Cataract is common in aged individuals but at lower incidence can also be found in children as a result of genetic perturbation. It is one of the major causes of blindness affecting millions of individuals worldwide and cataract surgery is among the highest costing expense in the U.S. Medicare budget.

Dash studied a new gene, Caprin2, and identified eye defects in mouse mutants wherein this gene is specifically deleted in lens tissue.

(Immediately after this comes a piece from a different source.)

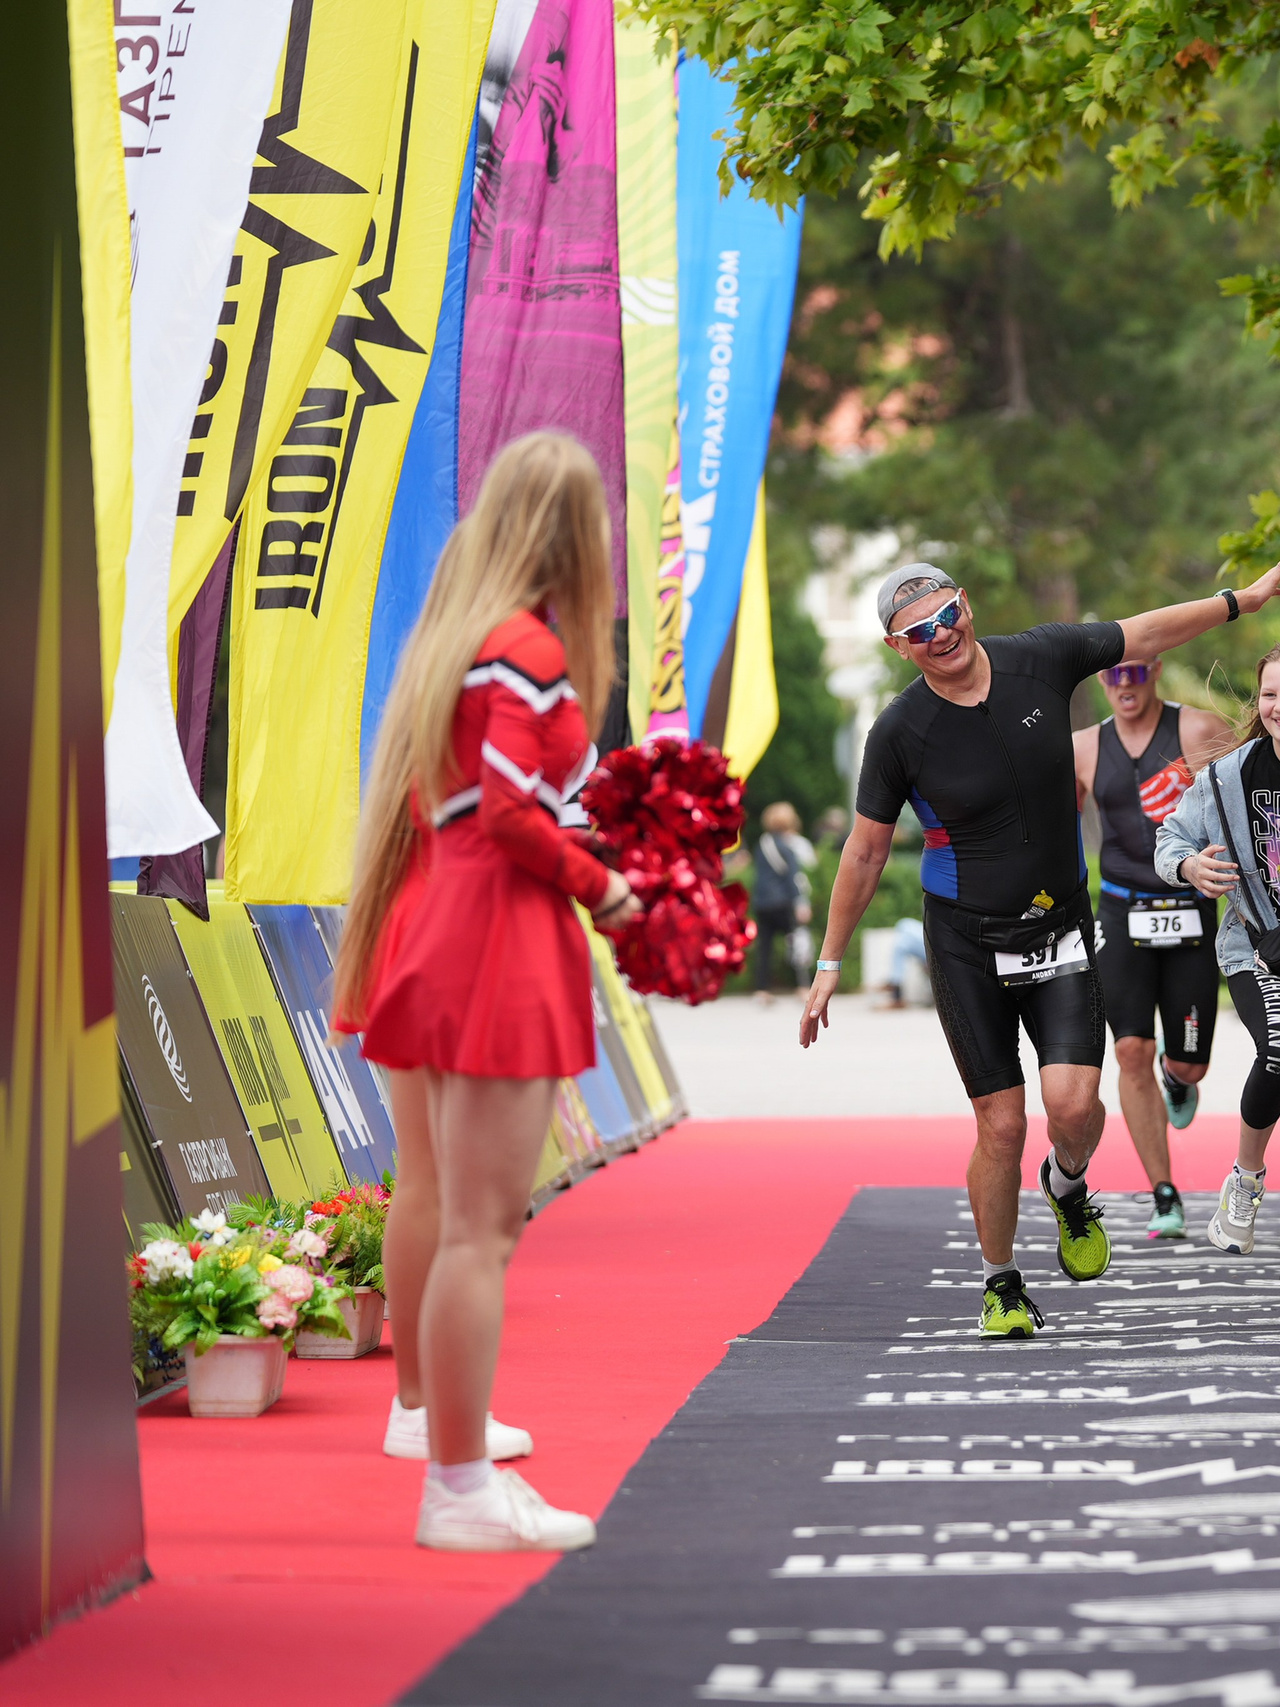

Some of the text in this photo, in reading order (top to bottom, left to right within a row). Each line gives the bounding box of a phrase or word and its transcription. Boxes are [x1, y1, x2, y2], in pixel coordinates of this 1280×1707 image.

To characterize the effect of other related genes whose deficiency may contribute to these defects, she then used transgenic mice that express green fluorescent protein specifically in the lens to establish a novel lens tissue culture gene-knockdown system.

The ARVO annual meeting is the largest international conference in the field of eye and vision research and is attended by over 10,000 scientists and clinicians from over the world.

To be considered for this award, Dash faced a challenging competition. ARVO receives over 6,000 abstracts from researchers across the world and her research had to be reviewed first by the Lens Scientific Section Committee and placed within the top five abstracts within the section that were considered eligible for an on-site judging session.

This year, UD had three students who placed among the top five in the Lens Section, the other two students being Smriti Agrawal, a graduate student from Lachke’s laboratory, and Yichen Wang, a graduate student from the laboratory of Melinda Duncan, professor, also in the Department of Biological Sciences. 

Based on Dash’s outstanding research and presentation, an international panel of three judges placed her firstin the entire Lens Section, winning her the MIT Outstanding Poster Award that comes with a certificate and cash prize.  

Research in Lachke’s laboratory at UD is funded by the National Institutes of Health, The Pew Charitable Trusts Scholars Program in Biomedical Sciences, and the Knights Templar Eye Foundation.